Sobre o Programa Bolsa Família

Ao unificar programas de menor escala e que ofereciam benefícios de uso predeterminado (gás, alimentação etc.), o principal programa de transferência condicionada de renda do Brasil, o Bolsa Família, foi criado em 2004 e expandido substancialmente nos anos seguintes, até ser substituído pelo Auxílio Brasil, em 2022. O número de famílias beneficiárias aumentou de 6 milhões em 2004 para um pico de 14 milhões em 2015, e o valor médio do benefício praticamente triplicou no período (Souza et al, 2019). Evidências sugerem que o programa contribuiu para redução dos níveis de pobreza e desigualdade, melhorias na nutrição e na saúde, aumento da frequência e diminuição do insucesso escolar, sem redução da oferta de mão-de-obra (Campello e Neri, 2013; Silva, 2019; Souza et al. 2019).

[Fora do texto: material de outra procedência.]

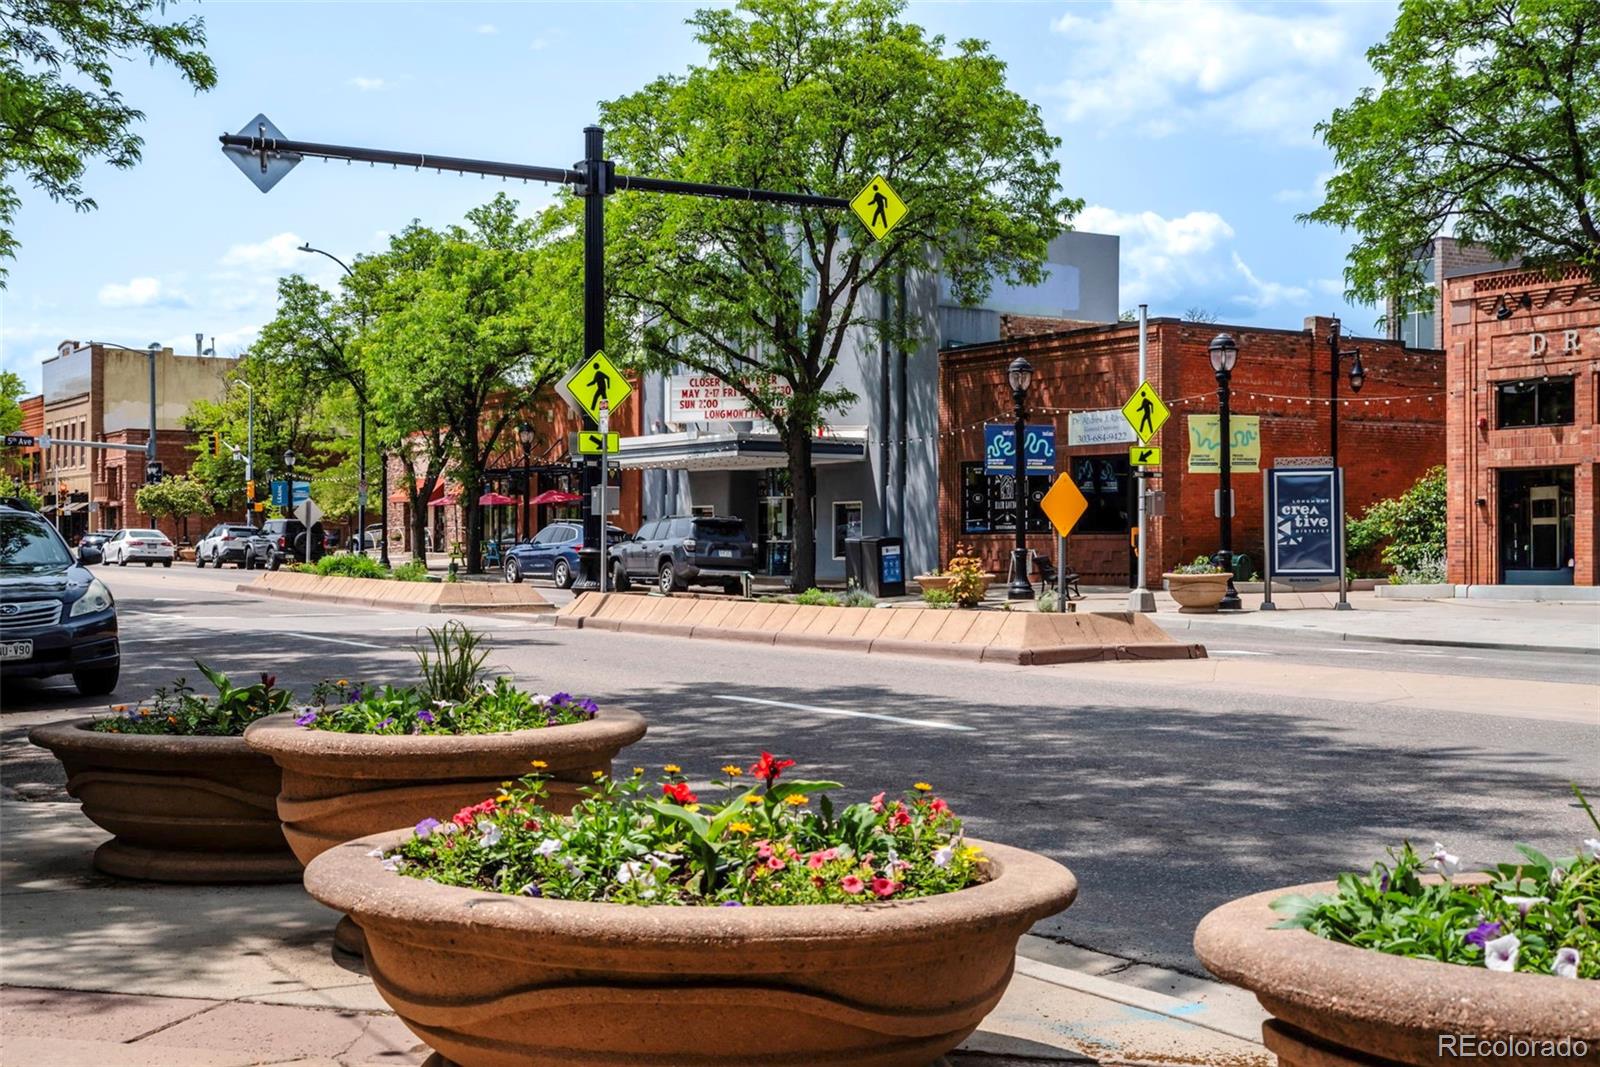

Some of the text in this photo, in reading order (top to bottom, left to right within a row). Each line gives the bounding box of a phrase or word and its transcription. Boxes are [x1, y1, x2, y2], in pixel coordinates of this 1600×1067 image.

Em que pesem todas as realizações do programa, ele permaneceu muito restritivo em pelo menos quatro sentidos: (a) suas linhas de elegibilidade eram muito baixas - R$ 89 per capita para famílias sem crianças e R$ 178 para aquelas com crianças - deixando fora de seu alcance milhões de famílias vulneráveis; (b) os benefícios eram baixos, com um valor médio de cerca de R$ 190 por família imediatamente antes da crise do Covid-19; (c) os beneficiários deviam cumprir uma série de condicionalidades; (d) os benefícios eram calculados por família e não por indivíduo.